Working with a variety of stars - including Tom Cruise, Ringo Starr, Michael Douglas, Orlando Bloom and Dennis Quaid - she admits she was a little 'star-struck' at first. "I kept track of each celebrity that I met. However, at this point I am meeting with two or three celebrities a day, so I think I am now past that."
Outside of work, Courtney enjoys socializing with the other pages. "All 30 of us are about the same age and are in the same boat. We love to go to the beach, the movies and do the touristy things from time to time."
"My job puts me right in the center of all the action," she says. "One of my responsibilities is getting to know everyone on the staff, including writers, producers, actors, talent and everyone on the production staff. It's a very friendly working environment."
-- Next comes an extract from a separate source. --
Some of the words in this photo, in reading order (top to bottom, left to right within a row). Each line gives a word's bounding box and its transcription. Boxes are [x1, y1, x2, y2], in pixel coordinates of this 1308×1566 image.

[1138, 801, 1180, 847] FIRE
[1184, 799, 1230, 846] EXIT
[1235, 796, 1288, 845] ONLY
Courtney also works closely with Leno. "I probably see him 10 times a day and I am one of about five staff members who stand with him backstage for about three or four minutes before he goes on stage," she notes.
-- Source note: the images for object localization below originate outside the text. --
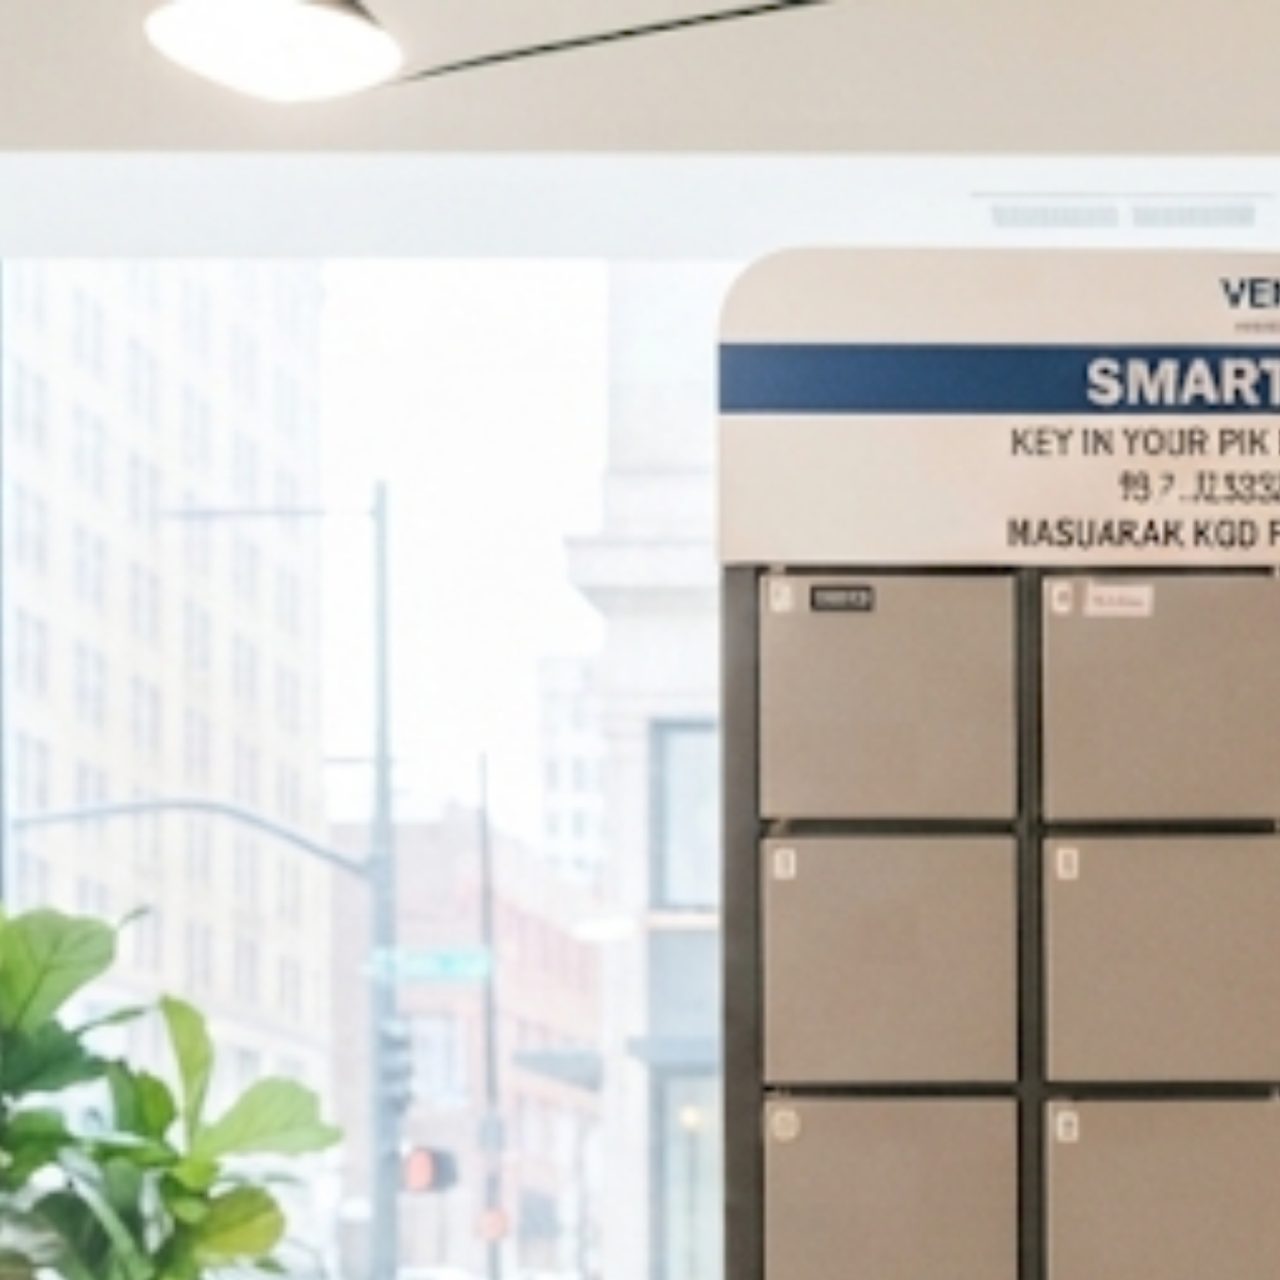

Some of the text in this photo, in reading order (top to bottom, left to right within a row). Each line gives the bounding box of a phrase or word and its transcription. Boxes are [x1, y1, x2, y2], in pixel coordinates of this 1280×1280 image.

[1011, 428, 1073, 457] KEY
[1082, 428, 1114, 457] IN
[1122, 428, 1209, 457] YOUR
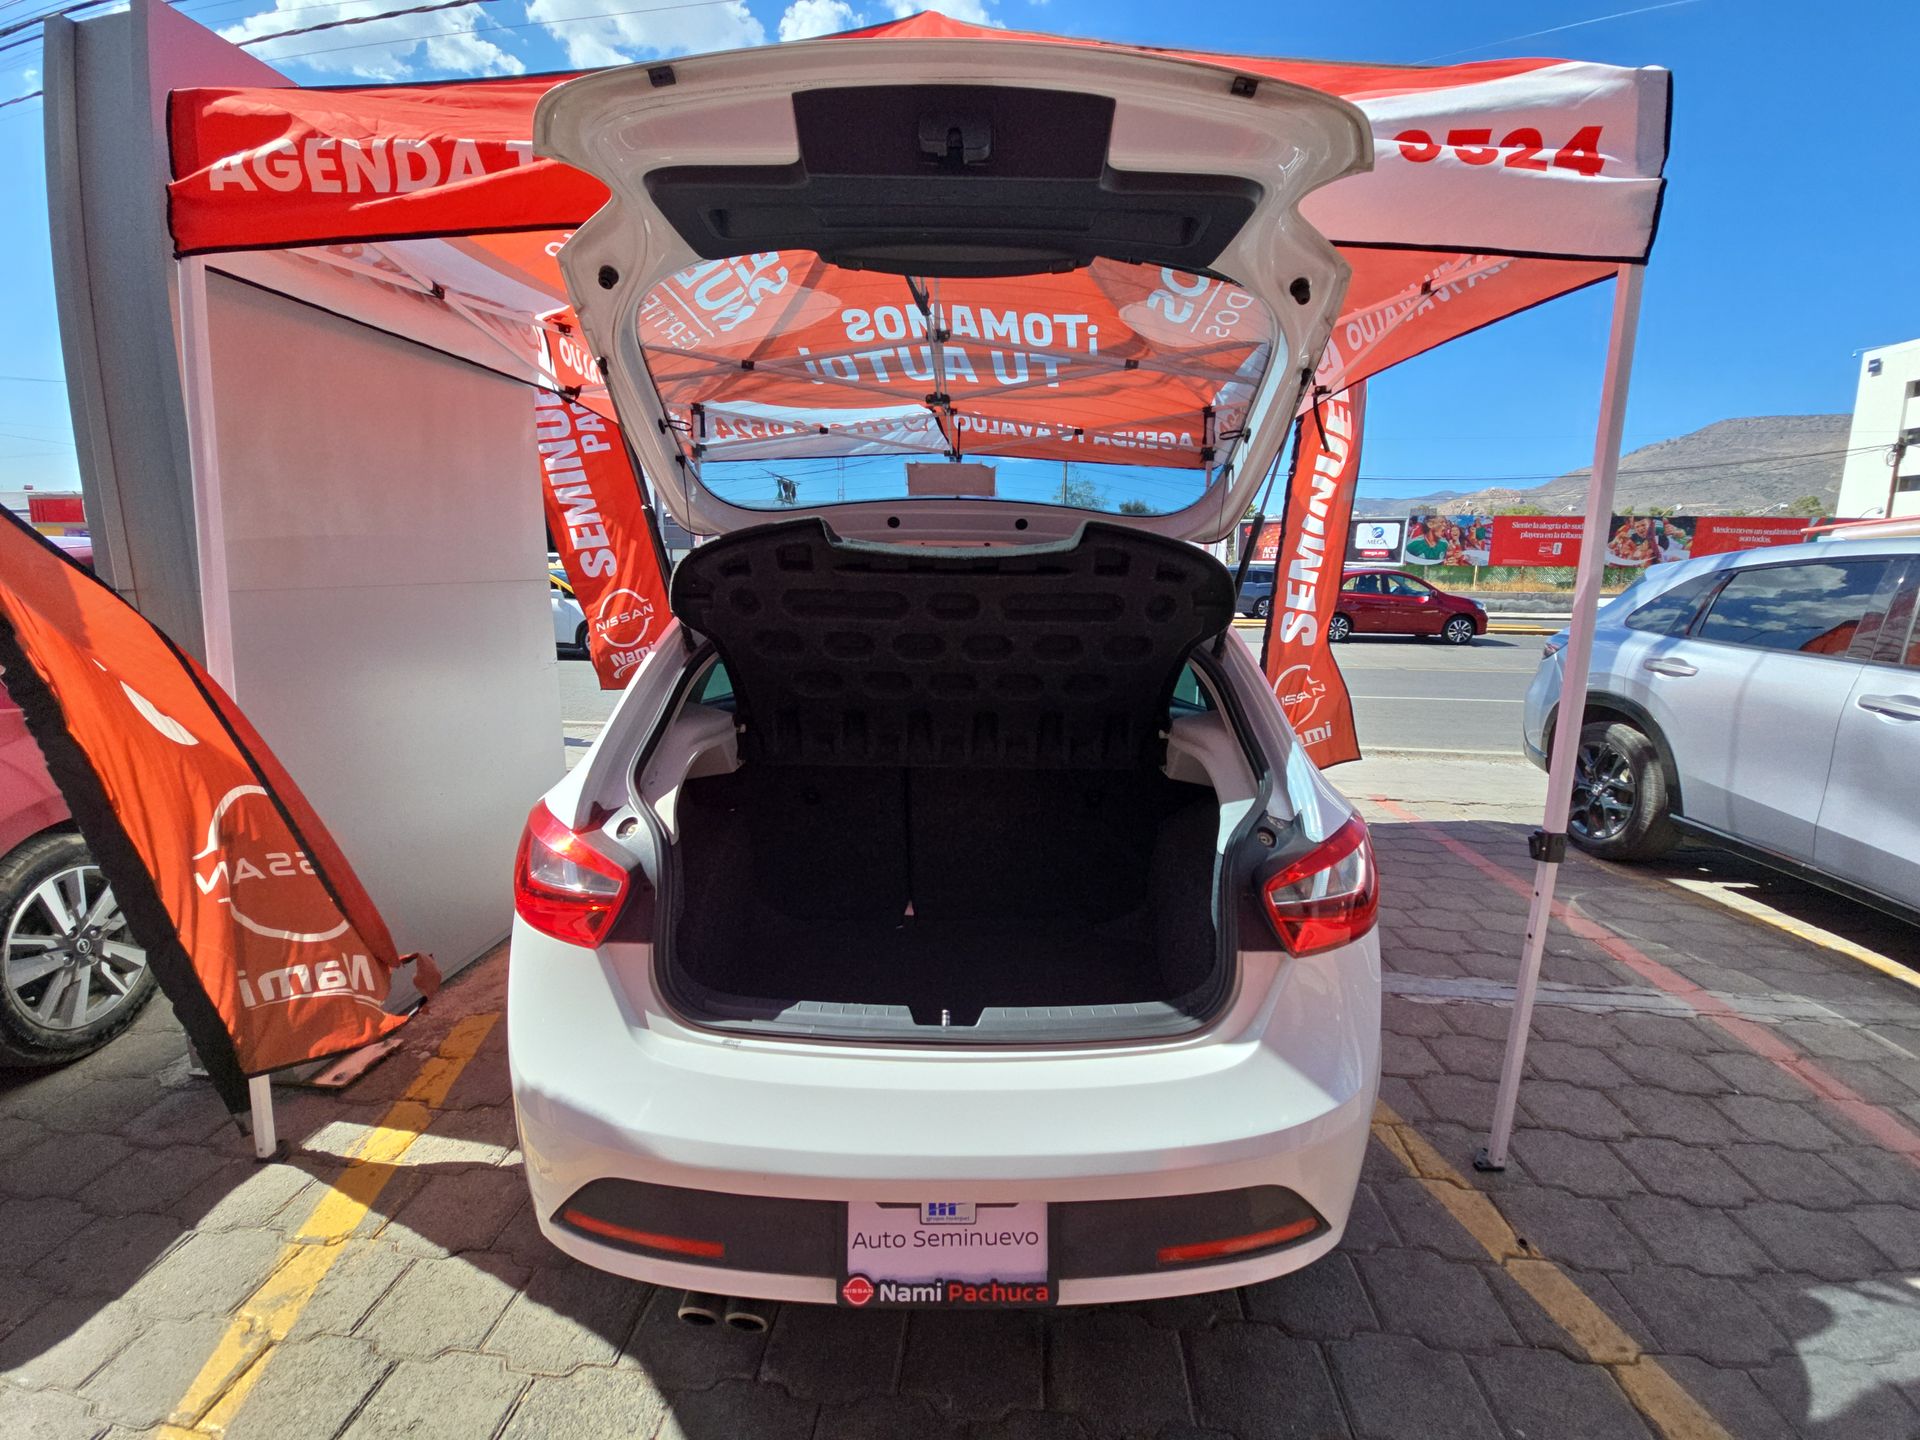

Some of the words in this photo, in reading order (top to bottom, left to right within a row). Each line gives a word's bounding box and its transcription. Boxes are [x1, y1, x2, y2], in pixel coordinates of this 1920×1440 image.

[209, 138, 486, 194] AGENDA
[1280, 389, 1352, 646] SEMINUE
[596, 603, 654, 633] NISSAN
[851, 1231, 907, 1250] Auto
[913, 1229, 1039, 1248] Seminuevo
[879, 1283, 942, 1302] Nami
[949, 1282, 1049, 1302] Pachuca
So if you happen to be watching the "Tonight Show with Jay Leno" this season, you won't see Courtney, but you can be sure she's been busy backstage.
Courtney was a Dean's Fellow and graduated with honors at BVU. She feels that she has made a good choice to take a chance in the field of her dreams.
A career in television has been a goal of Courtney's for a long time and she says her education at BVU played an important part in getting the chance at NBC.
"My experience working on the University Cable Network gave me the opportunity to learn all aspects of the television production process, from the technical side to the organizational side," she comments. "I feel that I have a much broader expertise than many of the other NBC pages who went to larger universities and weren't even allowed to touch a camera until they were seniors, if at all."
At BVU, Courtney had also interned with KCCI Channel 8 television in Des Moines and at Iowa Public Television, and also spent a semester in London where she interned for a music video production company.
During her senior year, Courtney meticulously worked for three months on her resume and cover letter for her application to the page program. After graduation, she moved back to her parents' home and worked for a month in July 2005 as a production assistant for the "Three Wishes" television show when it was taping in Le Mars.
From the family farmstead near Sibley to hobnobbing backstage with Tom Cruise and rock stars, it's been a good start.